### Data for this exercise
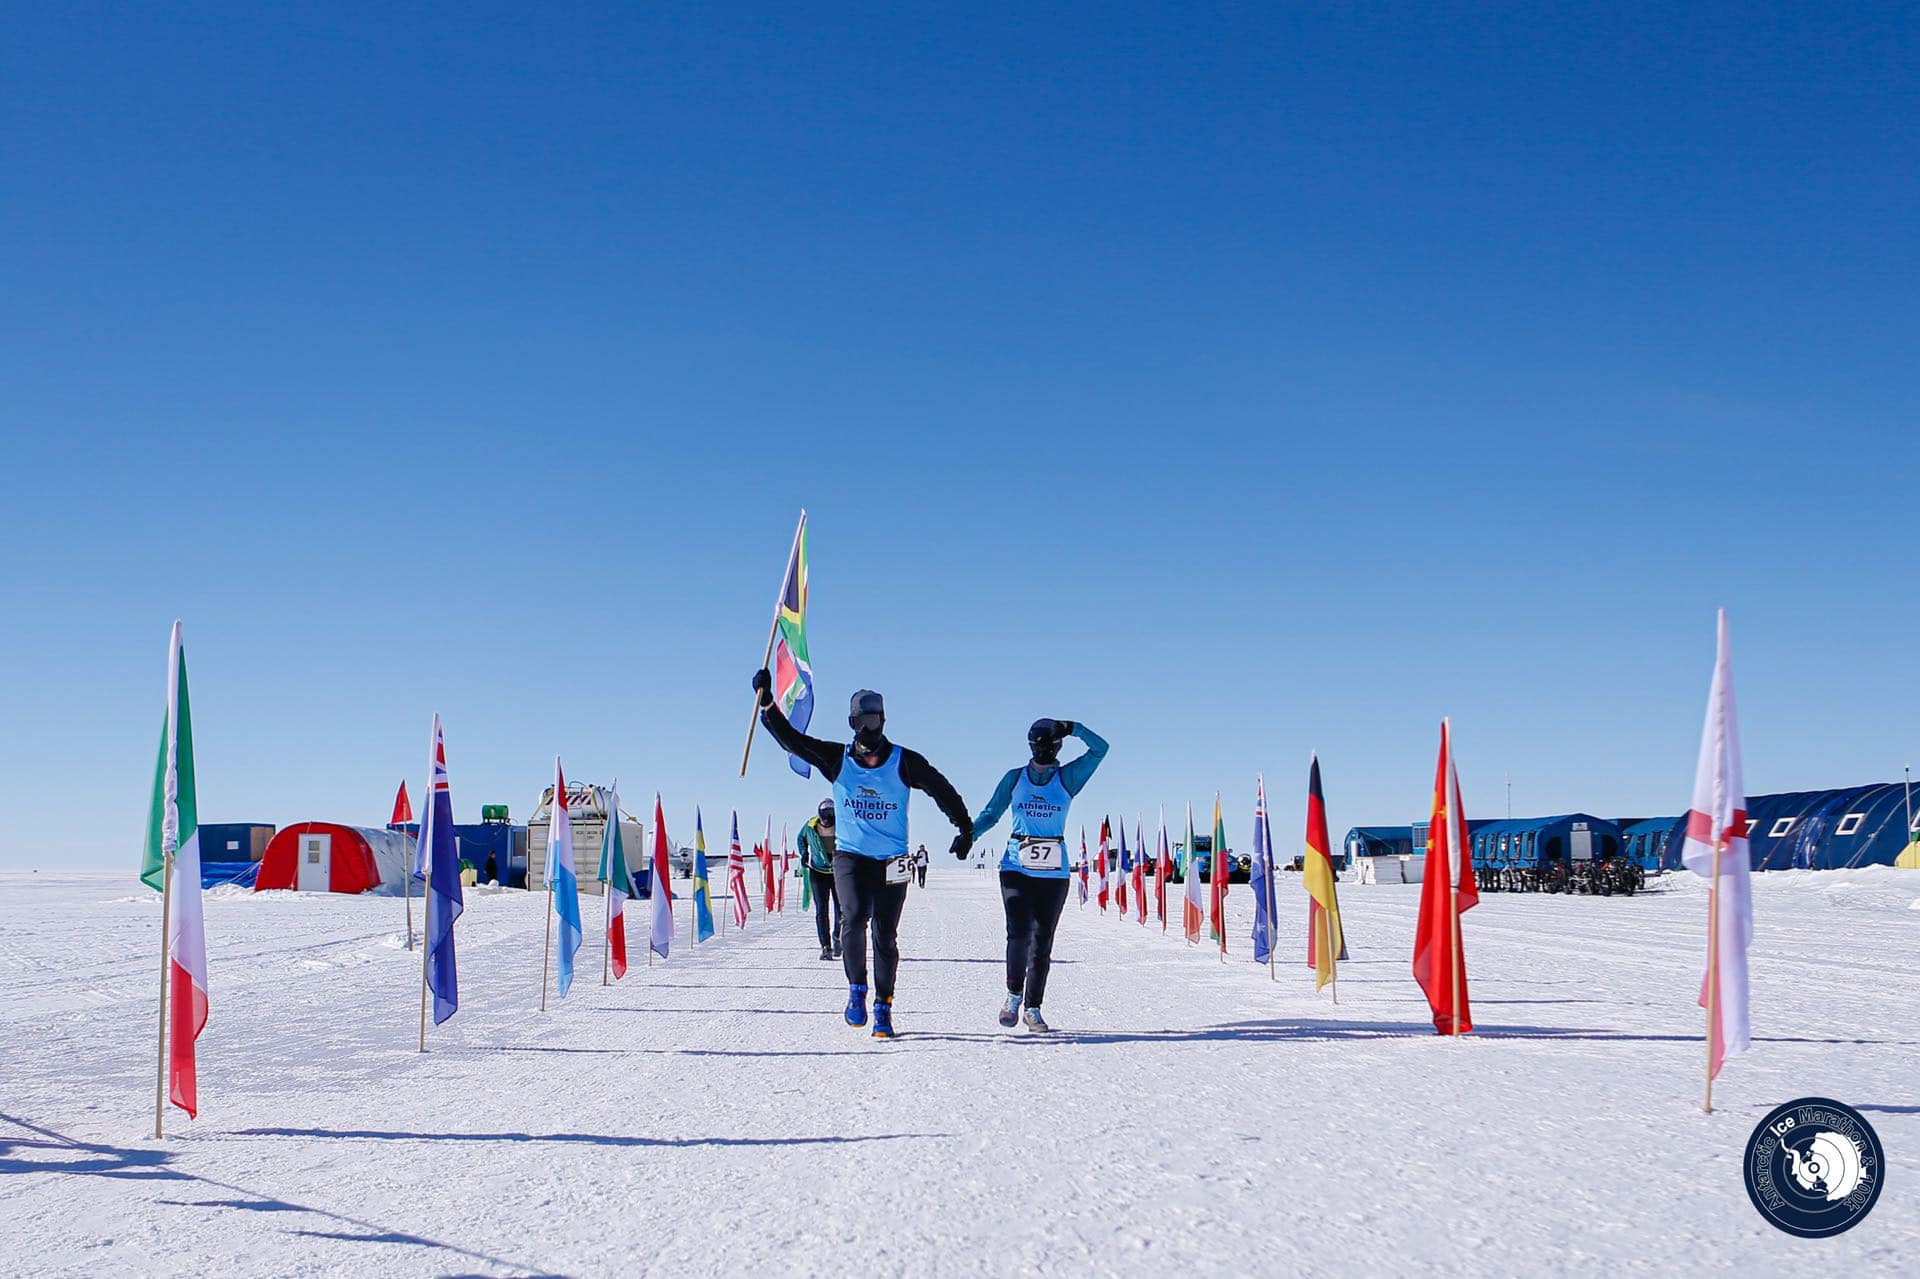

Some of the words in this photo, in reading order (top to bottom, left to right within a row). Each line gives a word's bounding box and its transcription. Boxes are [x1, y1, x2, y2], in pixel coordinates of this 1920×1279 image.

[844, 798, 898, 811] Athletics
[1017, 802, 1062, 812] Athletics
[854, 809, 889, 821] Kloof
[1026, 810, 1053, 818] Kloof
[1030, 846, 1052, 860] 57

### Your task
Leave out the pictures. Transcribe the rest of the listing above exactly.

### Exercise output
Some of the words in this photo, in reading order (top to bottom, left to right within a row). Each line gives a word's bounding box and its transcription. Boxes are [x1, y1, x2, y2], in pixel coordinates of this 1920×1279 image.

[844, 798, 898, 811] Athletics
[1017, 802, 1062, 812] Athletics
[854, 809, 889, 821] Kloof
[1026, 810, 1053, 818] Kloof
[1030, 846, 1052, 860] 57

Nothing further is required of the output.